“Se rivuoi Instagram, dacci 500 euro”. Piacentina nella trappola degli hacker

18 Agosto 2021

È stato un vero e proprio ricatto: “Se rivuoi il tuo profilo Instagram, dacci 500 euro in bitcoin”. La piacentina Maria Francesca Milani, stilista e proprietaria di un marchio di moda ben radicato sui social network, si è vista crollare il mondo addosso. Perché per chi – come lei – basa buona parte della propria attività sulle vendite online, l’improvviso attacco di un hacker può rappresentare un danno irreparabile. “Peraltro – puntualizza l’imprenditrice, 30 anni – in questo periodo di pandemia in cui i canali virtuali sono sempre più fondamentali”.

Ecco quanto accaduto qualche giorno fa. “Ho due profili Instagram, uno privato e l’altro professionale – ricorda Milani -. Ricevo su quest’ultimo un link per autenticare l’account e, forse un po’ soprappensiero, lo clicco. Nel giro di pochi secondi, il mio telefonino si disconnette da Instagram e mi arriva un messaggio su Whatsapp in cui un hacker mi chiede di pagarlo per poter recuperare le mie credenziali di accesso”.

La ragazza si rivolge quindi alla polizia postale. “Fornisco alle forze dell’ordine tutto il materiale necessario a dimostrare il furto – dice Milani – anche se, purtroppo, le tutele garantite dalle piattaforme social sono scarse. Bisogna fare attenzione alle trappole online, perché poi trovare una soluzione è quasi impossibile”. La stilista prova ad avviare una trattativa con l’hacker: “Inizialmente, mi chiede 500 euro per restituirmi la pagina Instagram, da versare in bitcoin. Nel frattempo, durante il dialogo intavolato con il pirata del web, tento di affidarmi all’assistenza del social network, che però si rivela inutile. A quel punto, scelgo di pagare una somma ridotta concordata con l’hacker che continua a contattarmi tramite Whatsapp”. Ma passa una settimana, e Milani non ottiene i dati per rientrare in possesso della sua vetrina virtuale. “Un altro malvivente mi scrive su Instagram, mi dice che ho versato i soldi alla persona sbagliata. Mi mandano in tilt, sono disperata”, rimarca oggi la ragazza, riavvolgendo il nastro dei fatti. “Mi chiedono altri soldi, accetto.
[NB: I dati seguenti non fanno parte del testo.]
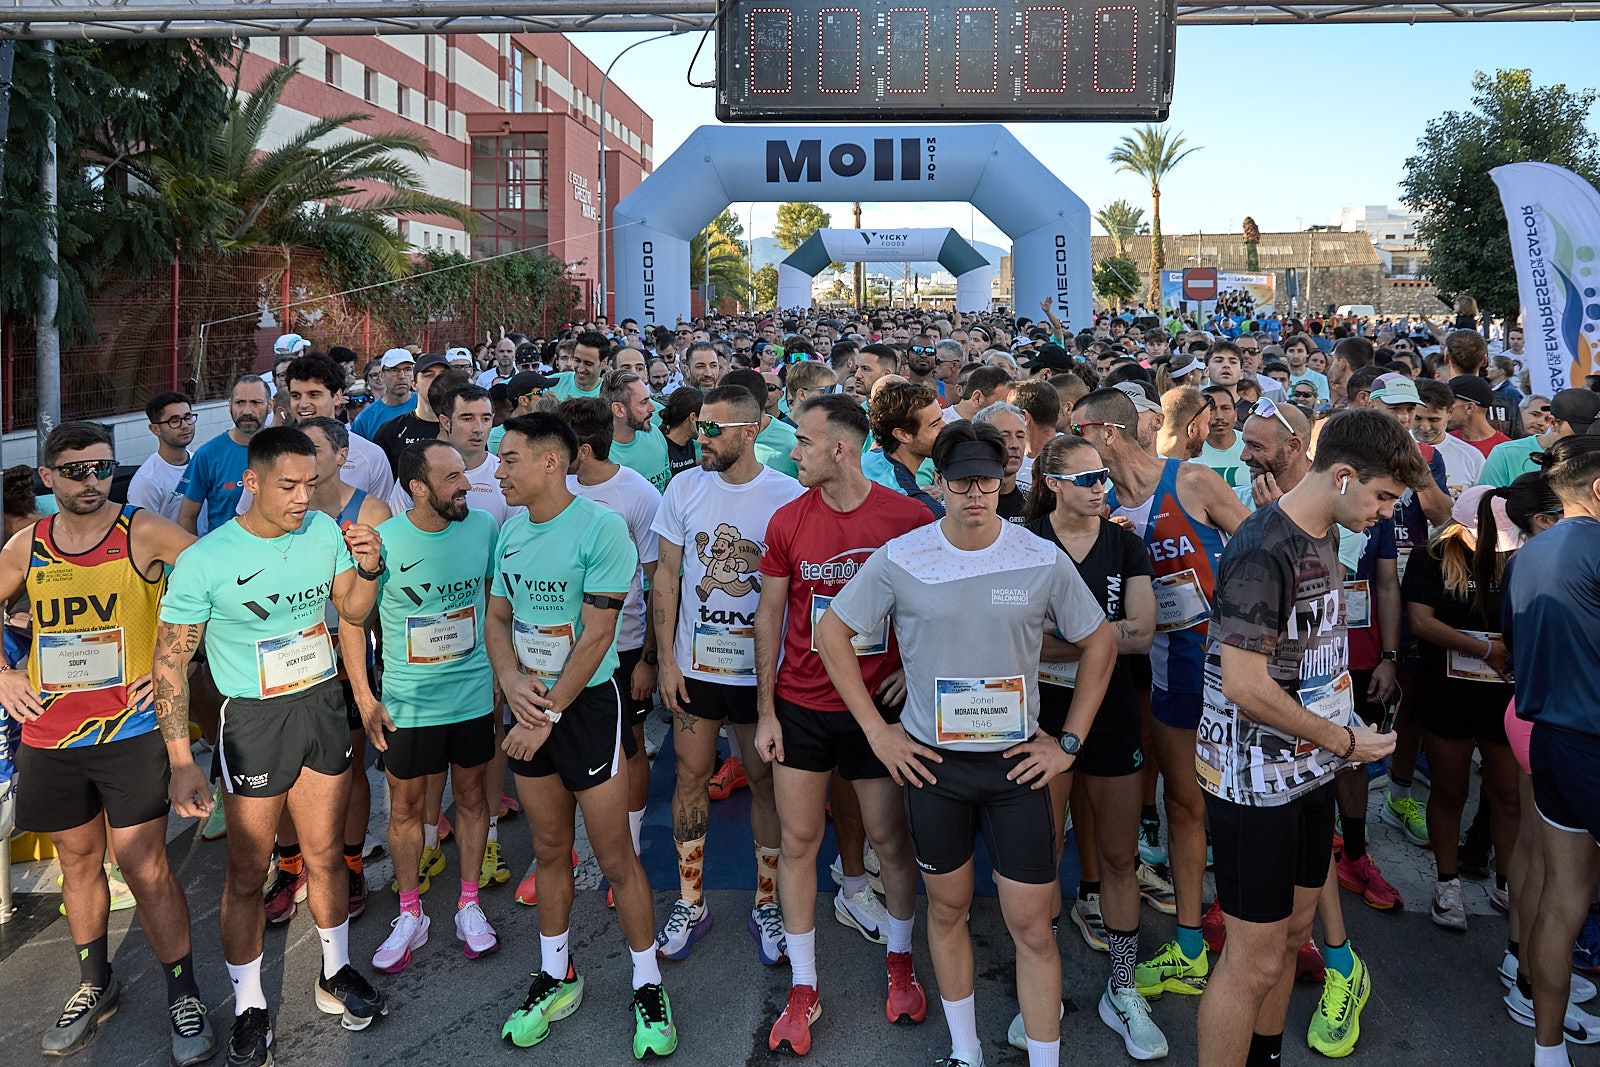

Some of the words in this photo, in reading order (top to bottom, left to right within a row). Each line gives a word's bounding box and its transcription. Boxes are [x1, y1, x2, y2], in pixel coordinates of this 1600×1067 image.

Ma ancora nulla. Ne vogliono altri. Insomma, non c’è una fine”. Risultato? Milani si trova costretta a rinunciare alla sua pagina Instagram: deve ripartire da zero. “Avevo oltre diecimila iscritti, un bacino di utenti importante per vendere i miei capi d’abbigliamento. Ho perso un mese e mezzo di lavoro. Mi dispiace perché nel tempo avevo creato una comunità online in cui ricevevo apprezzamenti tramite commenti e foto dei miei costumi indossati. Mi sento privata di tutti questi ricordi”.

Alle aziende presenti sul web, la stilista piacentina dà un consiglio: “È davvero importante attivare la doppia autenticazione su tutti i social e non cliccare mai nulla di sconosciuto, nemmeno i link che a prima apparenza possono sembrare sicuri”.